-- Opening Marker --

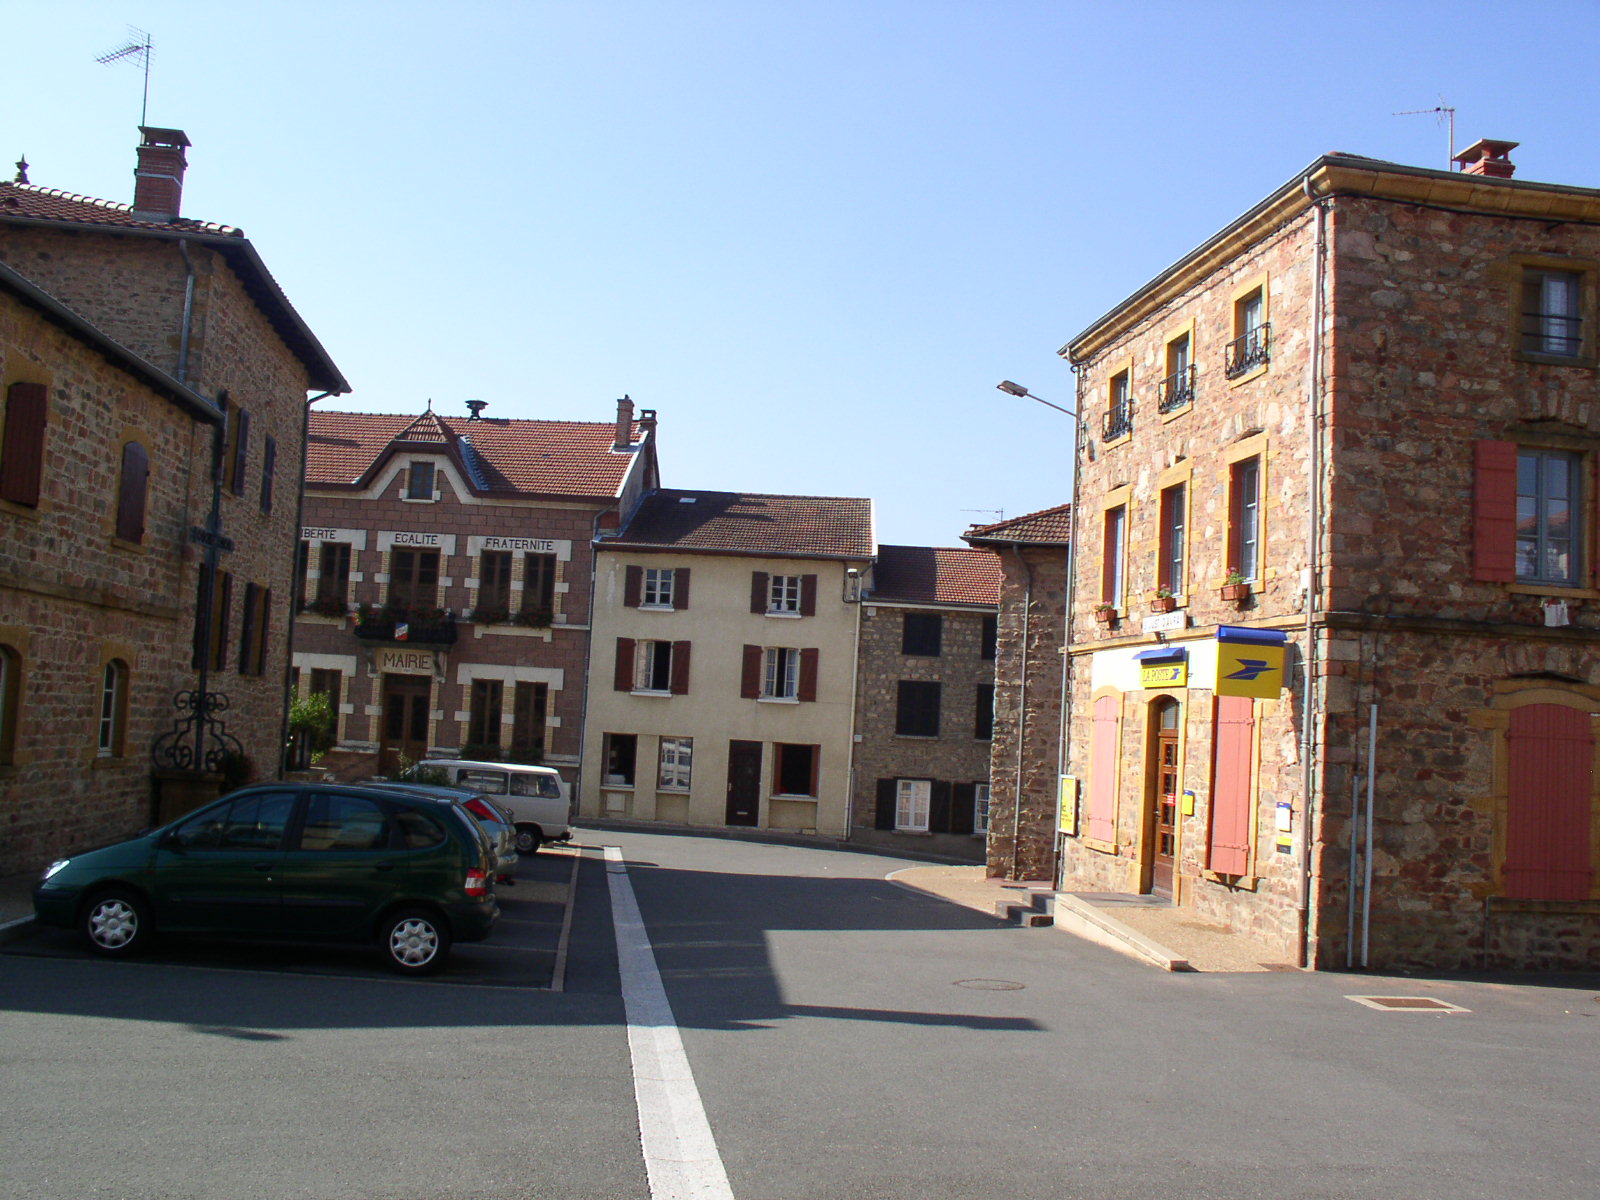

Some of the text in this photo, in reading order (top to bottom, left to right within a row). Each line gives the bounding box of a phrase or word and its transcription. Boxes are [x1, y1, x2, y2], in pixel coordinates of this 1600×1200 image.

[300, 528, 336, 540] IBERTE
[394, 533, 438, 545] EGALITE
[485, 538, 554, 550] FRATERNITE
[383, 652, 431, 670] MAIRIE
[1143, 669, 1169, 682] LA POSTE
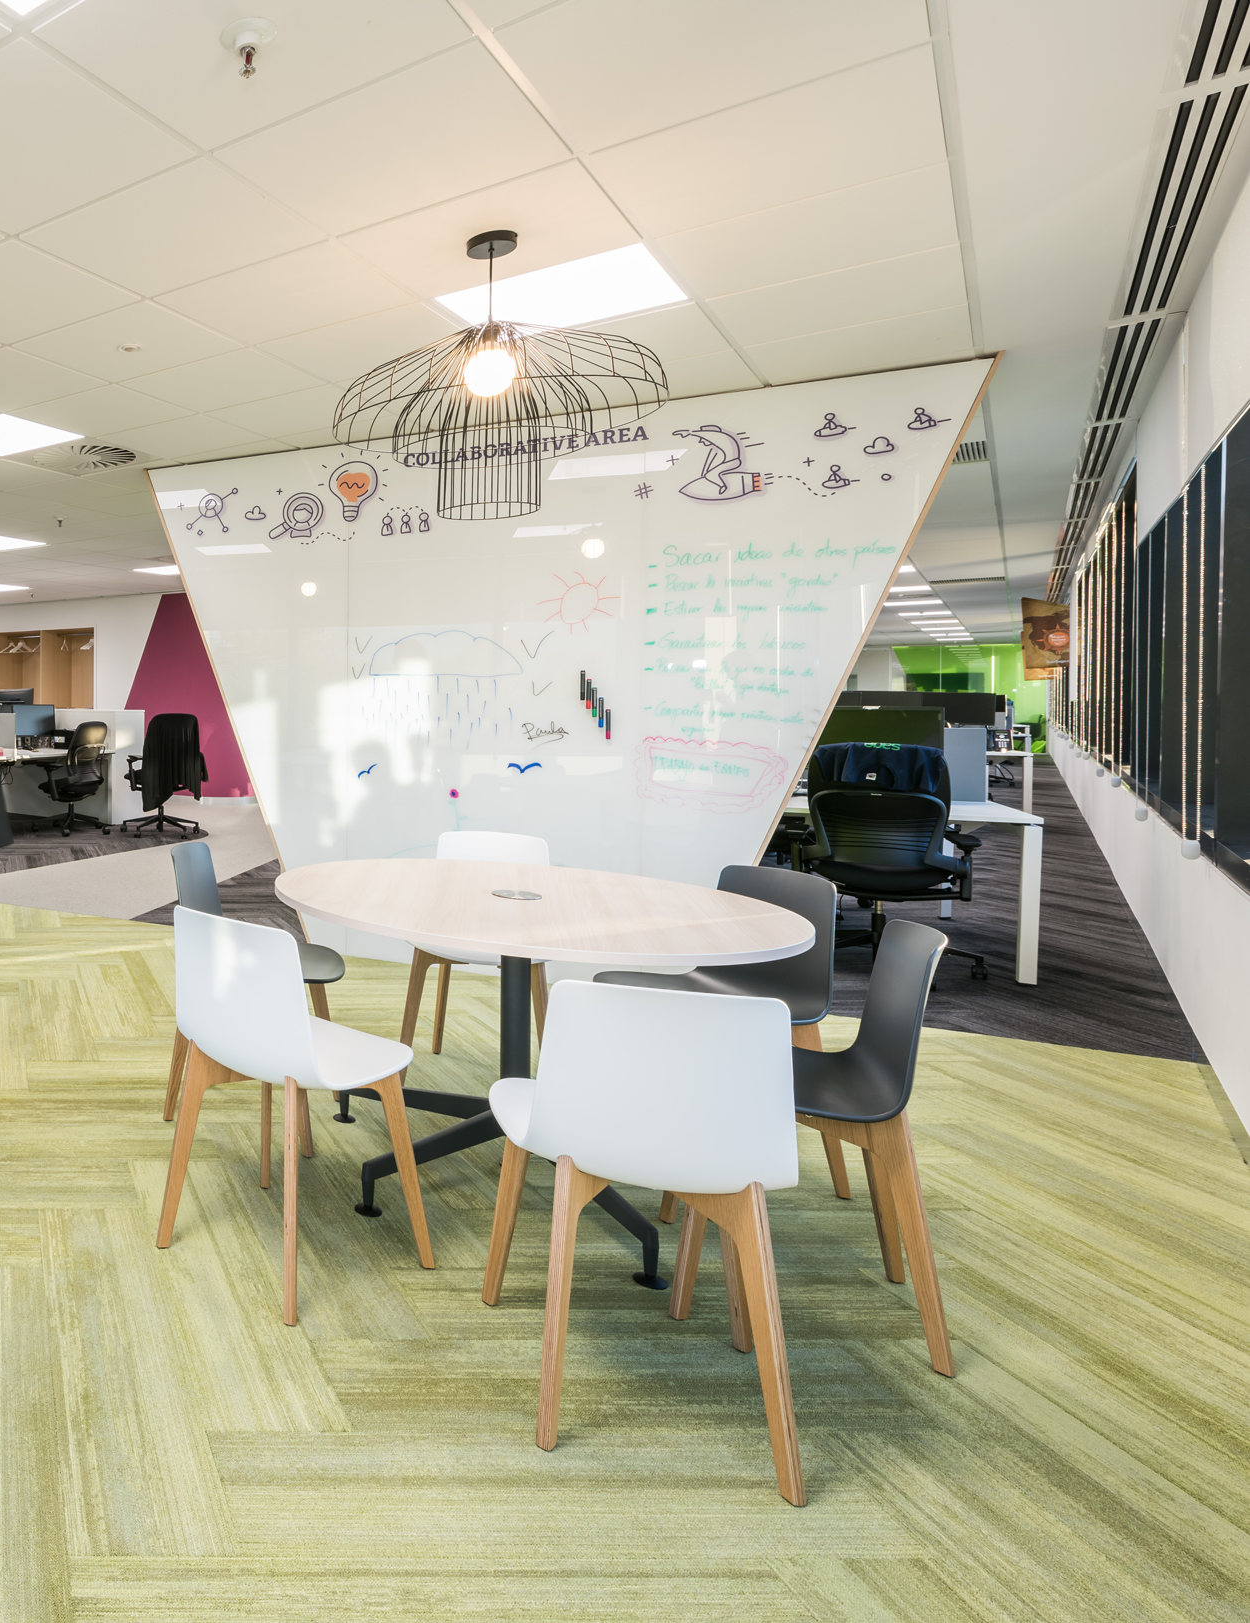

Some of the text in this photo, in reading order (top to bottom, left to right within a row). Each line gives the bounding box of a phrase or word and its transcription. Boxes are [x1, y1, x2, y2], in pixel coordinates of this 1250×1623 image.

[403, 425, 649, 468] COLLABORATIVE AREA
[662, 545, 723, 567] Sacar
[782, 541, 805, 558] de
[815, 538, 848, 558] otros

-- Closing Marker --

WHAT IS EXPECTED
Please print everything in the material exactly, apart from the pictures.

RESULT OF THIS EXERCISE
Some of the text in this photo, in reading order (top to bottom, left to right within a row). Each line gives the bounding box of a phrase or word and its transcription. Boxes are [x1, y1, x2, y2], in pixel coordinates of this 1600×1200 image.

[300, 528, 336, 540] IBERTE
[394, 533, 438, 545] EGALITE
[485, 538, 554, 550] FRATERNITE
[383, 652, 431, 670] MAIRIE
[1143, 669, 1169, 682] LA POSTE

Some of the text in this photo, in reading order (top to bottom, left to right within a row). Each line gives the bounding box of a phrase or word and its transcription. Boxes are [x1, y1, x2, y2], in pixel coordinates of this 1250×1623 image.

[403, 425, 649, 468] COLLABORATIVE AREA
[662, 545, 723, 567] Sacar
[782, 541, 805, 558] de
[815, 538, 848, 558] otros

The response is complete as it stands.